2 - Starting OmniDiskSweeper
One way to start the disk sweep is simply by opening the OmniDiskSweeper application. However, this will only give you a limited look into the files on your hard drive, which can still be useful if you just have a lot of clutter and aren't trying to locate large hidden files. You can try this out and skip onto step 3 of this tutorial if you would prefer this route.
If you would prefer to do a more thorough search, you will need to open your terminal. To do this, press command + space bar at the same time on your keyboard, which will open the Spotlight Search. Type in terminal as shown below.
Don't be intimidated if you're not familiar with the terminal; you won't be doing anything complicated. Just copy (highlight and hit command + c) the following italicized text:
This is a line of code that will tell your computer to run OmniDiskSweeper in a way that will have it check your entire hard drive. Paste it into your terminal (hit command + v) and press the return (enter) key on your keyboard.

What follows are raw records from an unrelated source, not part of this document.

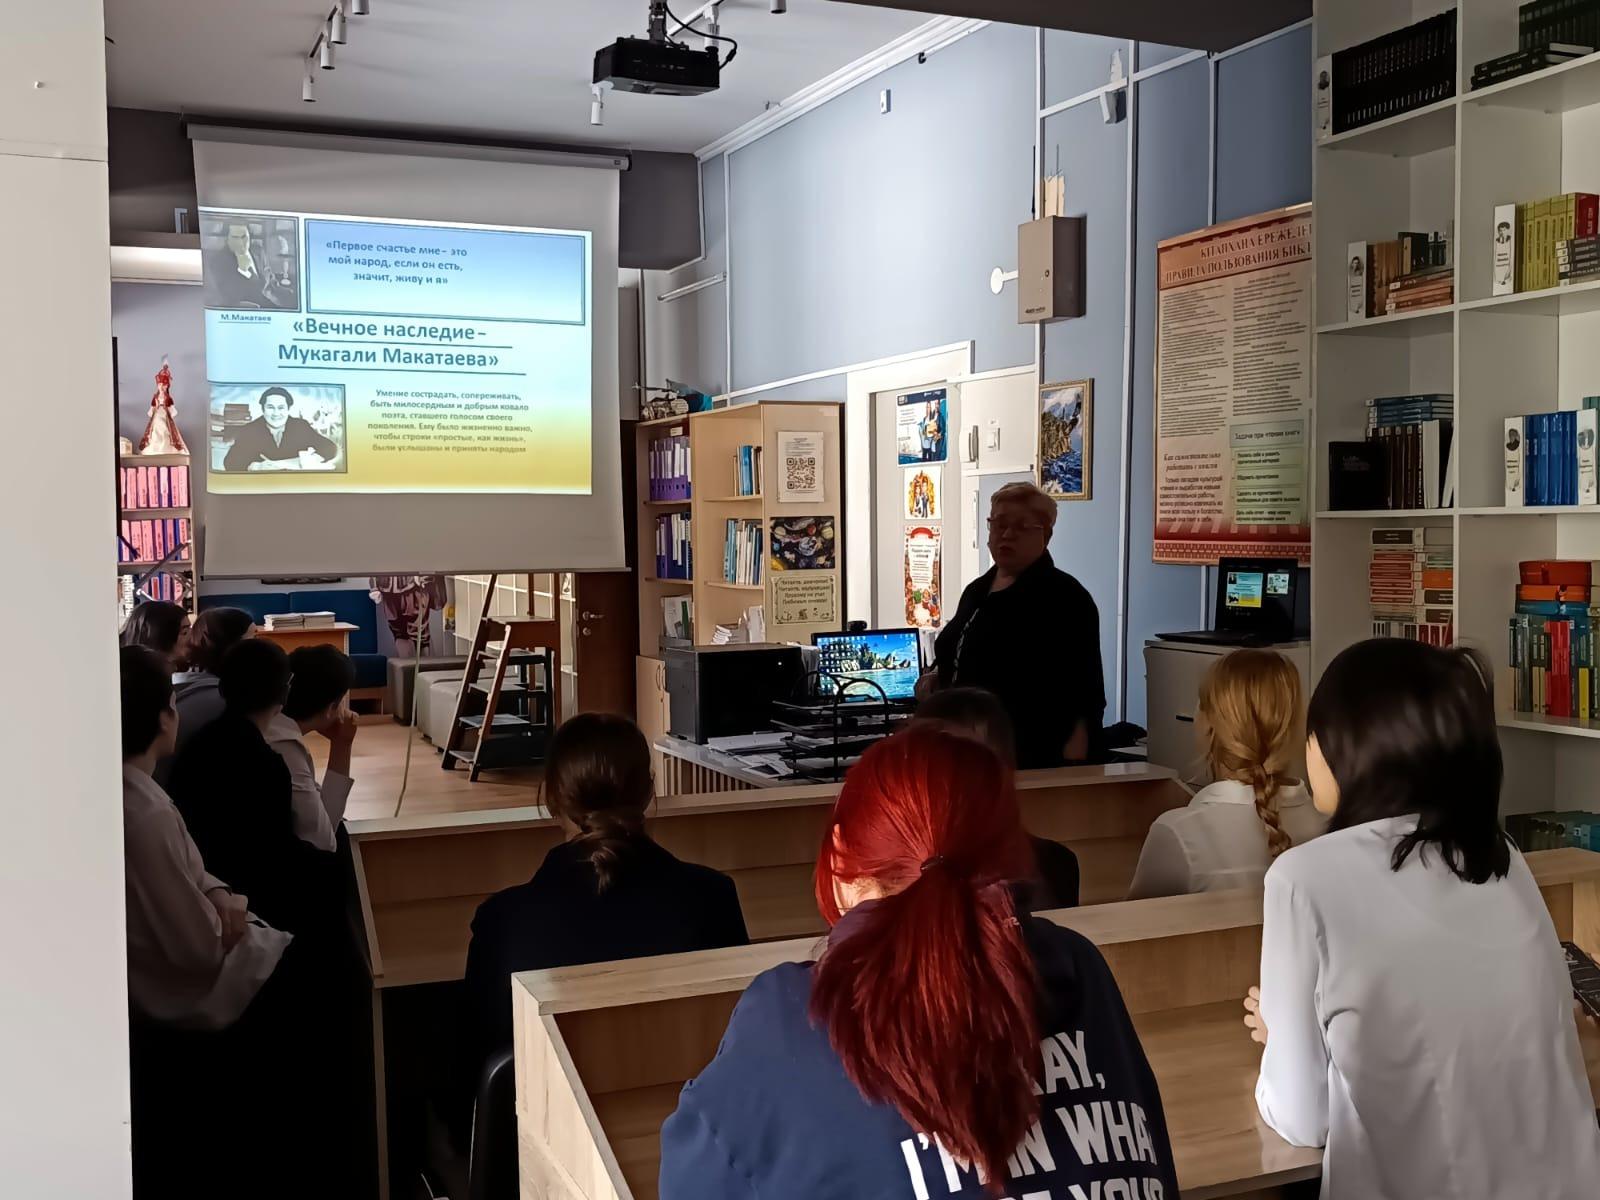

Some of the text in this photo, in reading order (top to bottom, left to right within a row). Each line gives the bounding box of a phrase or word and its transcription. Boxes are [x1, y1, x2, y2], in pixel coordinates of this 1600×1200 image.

[326, 240, 374, 252] «Первое
[376, 245, 416, 254] счастье
[451, 248, 467, 257] это
[328, 255, 463, 272] мой народ, если он есть,
[1207, 249, 1279, 272] ПОЛЬЗОВАНИЯ
[353, 272, 392, 283] значит,
[395, 275, 423, 285] живу
[426, 276, 433, 284] и
[293, 317, 378, 337] «Вечное
[278, 343, 499, 368] Мукагали Макатаева»
[375, 389, 521, 401] Умение сострадать, сопереживать,
[370, 399, 391, 408] быть
[393, 401, 454, 410] милосердным
[464, 402, 499, 411] добрым
[410, 412, 448, 420] ставшего
[450, 413, 484, 421] голосом
[486, 414, 513, 422] своего
[1032, 1030, 1106, 1096] AY,

The terminal may prompt you to type in your password (of whatever account you logged into your Mac with). Type it in and press the return key on your keyboard.

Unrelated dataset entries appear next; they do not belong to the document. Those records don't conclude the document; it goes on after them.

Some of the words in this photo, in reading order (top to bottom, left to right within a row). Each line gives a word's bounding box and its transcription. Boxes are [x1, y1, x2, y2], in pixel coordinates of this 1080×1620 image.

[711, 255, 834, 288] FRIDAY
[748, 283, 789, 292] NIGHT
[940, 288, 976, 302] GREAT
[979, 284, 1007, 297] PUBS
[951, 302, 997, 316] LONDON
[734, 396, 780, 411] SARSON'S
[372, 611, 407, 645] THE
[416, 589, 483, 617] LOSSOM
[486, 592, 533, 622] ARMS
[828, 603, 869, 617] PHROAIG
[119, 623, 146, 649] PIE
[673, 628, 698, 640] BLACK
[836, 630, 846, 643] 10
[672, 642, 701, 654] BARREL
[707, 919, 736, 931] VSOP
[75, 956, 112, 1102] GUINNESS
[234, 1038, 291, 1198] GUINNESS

OmniDiskSweeper will start running and you will see it open up in a separate window. Switch over to that window without closing the terminal window you were working on. You're now ready to start your hard disk sweep.
Running a Disk Sweep
To begin a disk sweep, select your hard drive (this is where you can see the current free/used disk space you have) and click the Sweep "your drive name" Drive.... button. OmniDiskSweep will start sweeping your drive and this is when you wait.
You might be prompted to let OmniDiskSweep access various parts/features of your hard drive. Just keep clicking 'OK' so that your entire hard drive can be checked.
The main way you can know the sweep is finished is when the file sizes are no longer listed in red (the red indicates that files are still being sized/searched) and the window title no longer has (sizing) next to it.
Searching and Deleting Files
The process of sifting through files is very simple.
Files are ordered by size. Simply click a folder name to see any of the files it contains. Once you've located a file you wish to remove, select it, and then select the Trash button in the bottom-right corner of the window. And that's all it takes!
In the window title, you'll notice that the amount of used hard drive space will be updated as you delete files, making it simple to monitor your progress. Here are some tips for optimizing the file removal process:
- Focus on music, photos, and videos that are no longer of use to you. These take up a lot of space and create clutter. Even if they are useful, you can consider uploading these files to a USB, an external hard drive, or a file storage website like DropBox, Box, or Google Drive. As mentioned, this may not be free if your files exceed a certain size and it does take time and effort to do these uploads.
- Deleted software often leaves behind 'traces'. If you see anything related to a software you don't have anymore, just delete it.
- Clear up cached files. Go into folders holding cached files (again, from familiar software!) and delete. You can even do this with software that you actively use.
- If you're not sure what a file is, check first. Try to locate the file (sometimes OmniDiskSweeper lets you open it from the software itself) and check out what it is. If it sounds odd to you, you can even do a web search of the filename to get some hints.
- Remember that there is no undo or recovery of deleted files.
- Stay away from anything that might be useful to you, your applications, or your system.
How Did We Feel About OmniDiskSweeper?
Overall, we had a lot of success with OmniDiskSweeper! No one paid us or promoted this software to us; it just came up several times while browsing online for a free alternative to CleanMyMac.
We were able to clear up 20gb just by sifting through files. However, we also found a virus that was leeching up 20 additional gigabytes of space. After clearing that up, we had freed up a total of 40gb. The best part was that it took minimal time and effort and it didn't cost a thing!